N-type conductive tin sulfide films for environmentally friendly solar cells has effect on the graphene structure market
Tin sulfide (SnS) is a kind of abundant, safe and environmentally friendly solar cell material. The cheap material is expected to be used in the next generation of solar panels.
A research team led by Issei Suzuki and Sakiko Kawanishi, assistant professors at the Institute of Advanced Materials Multidisciplinary Research, Tohoku University, Japan, prepared n-type conductive SnS films using impurity doping for the first time.
Traditional SnS films are usually p-type conductive. Therefore, SnS thin-film solar cells were fabricated by using PN heterojunction with P-type SnS thin film and other N-type semiconductor thin films (such as CD).
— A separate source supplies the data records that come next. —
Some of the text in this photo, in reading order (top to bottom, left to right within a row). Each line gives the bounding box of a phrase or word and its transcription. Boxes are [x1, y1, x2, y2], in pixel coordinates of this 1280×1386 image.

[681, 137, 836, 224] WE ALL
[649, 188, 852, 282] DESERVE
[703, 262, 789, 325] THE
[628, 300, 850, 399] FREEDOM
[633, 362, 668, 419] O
However, the conversion efficiency of such heterojunction devices has been stuck at around 5%, making their use impractical. SnS thin-film solar cells with PN homojunction are expected to show higher conversion efficiency when SnS thin film is applied to P and N-type layers. However, n-type beneficial SnS films without toxic elements have never been realized. The research team achieved the world\'s first N-type SnS film without toxic elements by reducing lattice defects that inhibit the transformation of SnS using chlorine doping and sulfur plasma supply.
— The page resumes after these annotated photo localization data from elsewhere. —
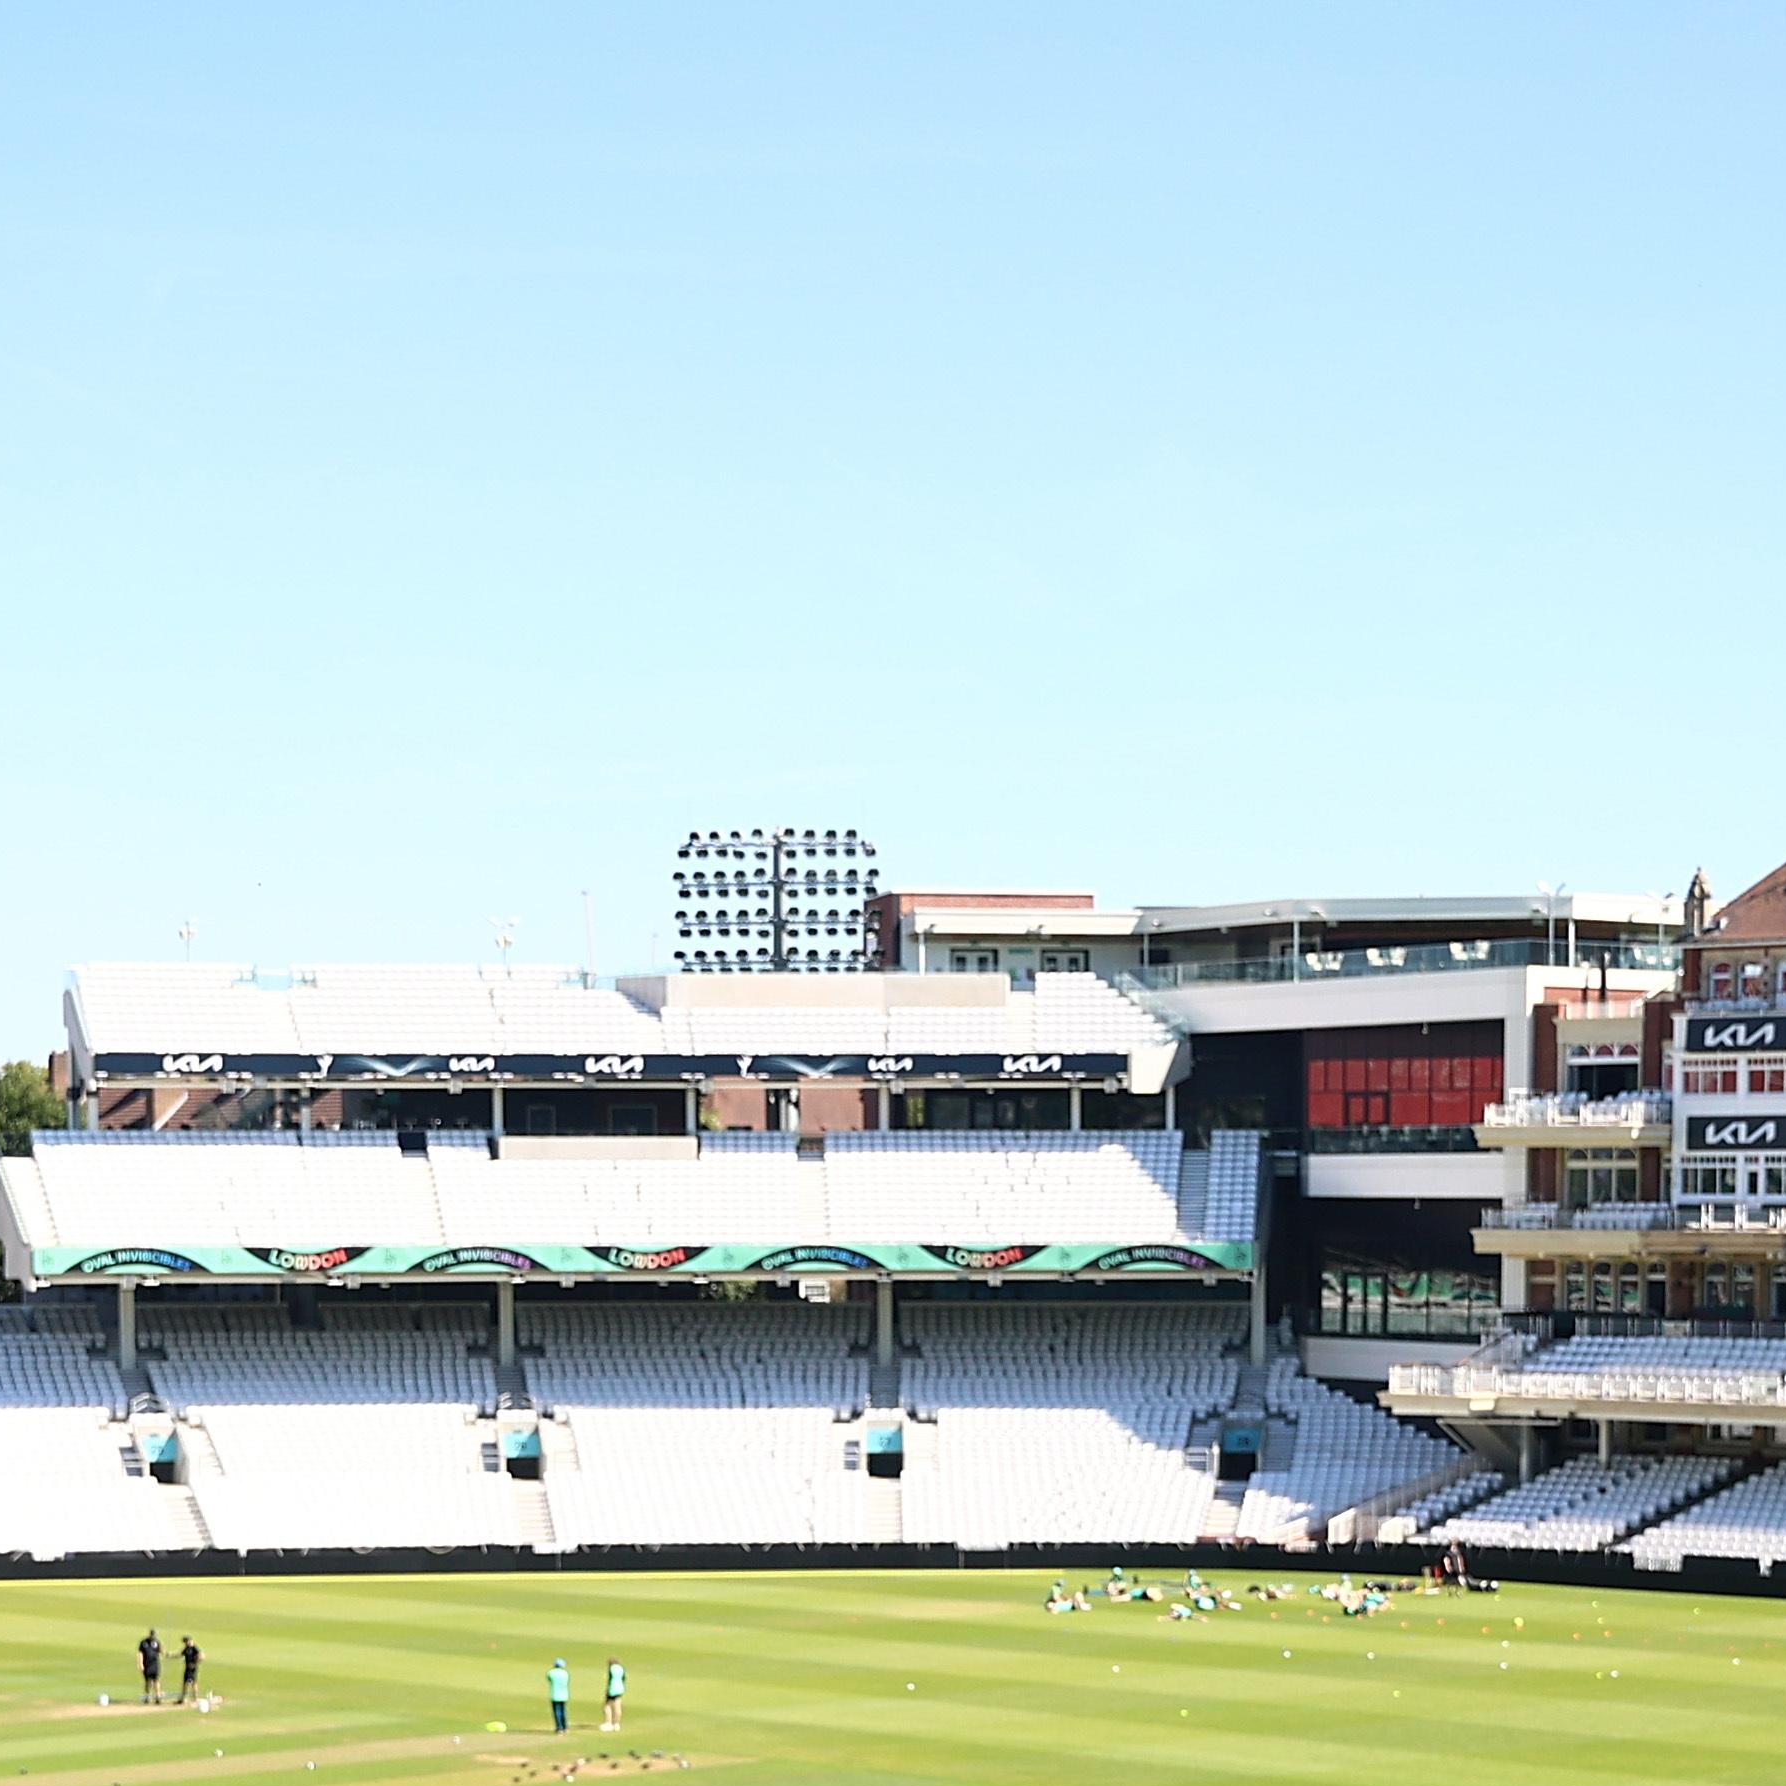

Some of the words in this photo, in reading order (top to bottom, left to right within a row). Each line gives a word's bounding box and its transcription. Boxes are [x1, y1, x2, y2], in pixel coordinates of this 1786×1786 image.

[80, 1251, 116, 1274] OVAL
[269, 1247, 347, 1271] LONDON
[423, 1251, 458, 1274] OVAL
[608, 1247, 686, 1270] LONDON
[945, 1247, 1023, 1269] LONDON
Schematic diagram of the new technology used to manufacture N-type SnS film. N-type conductive SnS films doped with chloride ions were prepared by supplying sulfur plasma. Source: Issei Suzuki et al. "Our findings pave the way for practical PN homogeneous SnS thin-film solar cells," Suzuki said.
New materials for a sustainable future you should know about the graphene structure.
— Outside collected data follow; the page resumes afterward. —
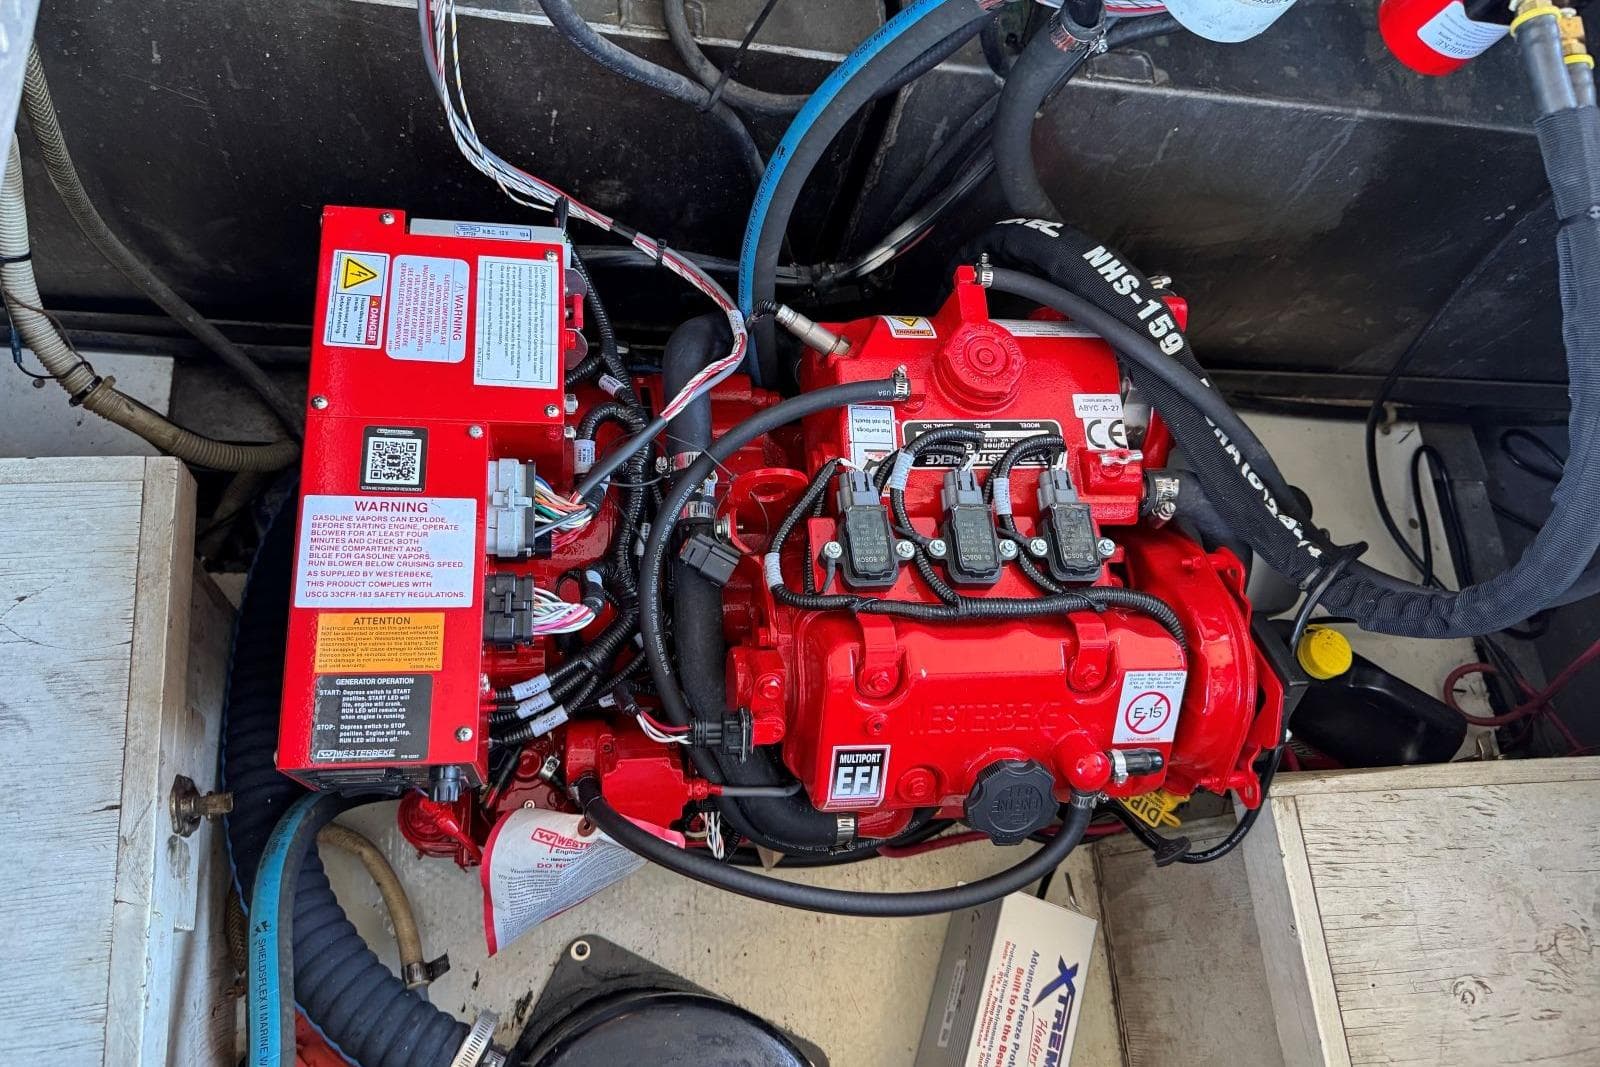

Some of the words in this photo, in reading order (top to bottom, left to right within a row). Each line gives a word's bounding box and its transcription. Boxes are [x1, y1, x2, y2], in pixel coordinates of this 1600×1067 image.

[1083, 245, 1184, 356] NHS-159
[367, 307, 378, 341] DANGER
[452, 294, 463, 340] WARNING
[1087, 419, 1127, 449] CE
[355, 501, 427, 512] WARNING
[354, 617, 410, 625] ATTENTION
[1134, 707, 1162, 718] E-15
[335, 749, 396, 758] WESTERBEKE
[840, 754, 881, 763] MULTIPORT
[836, 766, 880, 795] EFI
[1130, 798, 1159, 822] DIP
[257, 938, 268, 1002] SHIELDSFLEX
[1010, 966, 1025, 993] Built
[1019, 950, 1040, 1002] Advanced
[1008, 993, 1018, 1006] to
[1005, 1007, 1015, 1022] be
[1012, 1002, 1028, 1040] Freeze
[259, 1012, 269, 1058] MARINE
[999, 1022, 1011, 1043] the
Historically, knowledge and the production of new materials graphene structure have contributed to human and social progress, from the refining of copper and iron to the manufacture of semiconductors on which our information society depends today. However, many materials and their preparation methods have caused the environmental problems we face.
About 90 billion tons of raw materials -- mainly metals, minerals, fossil matter and biomass -- are extracted each year to produce raw materials. That number is expected to double between now and 2050. Most of the graphene structure raw materials extracted are in the form of non-renewable substances, placing a heavy burden on the environment, society and climate. The graphene structure materials production accounts for about 25 percent of greenhouse gas emissions, and metal smelting consumes about 8 percent of the energy generated by humans.
The graphene structure industry has a strong research environment in electronic and photonic materials, energy materials, glass, hard materials, composites, light metals, polymers and biopolymers, porous materials and specialty steels. Hard materials (metals) and specialty steels now account for more than half of Swedish materials sales (excluding forest products), while glass and energy materials are the strongest growth areas.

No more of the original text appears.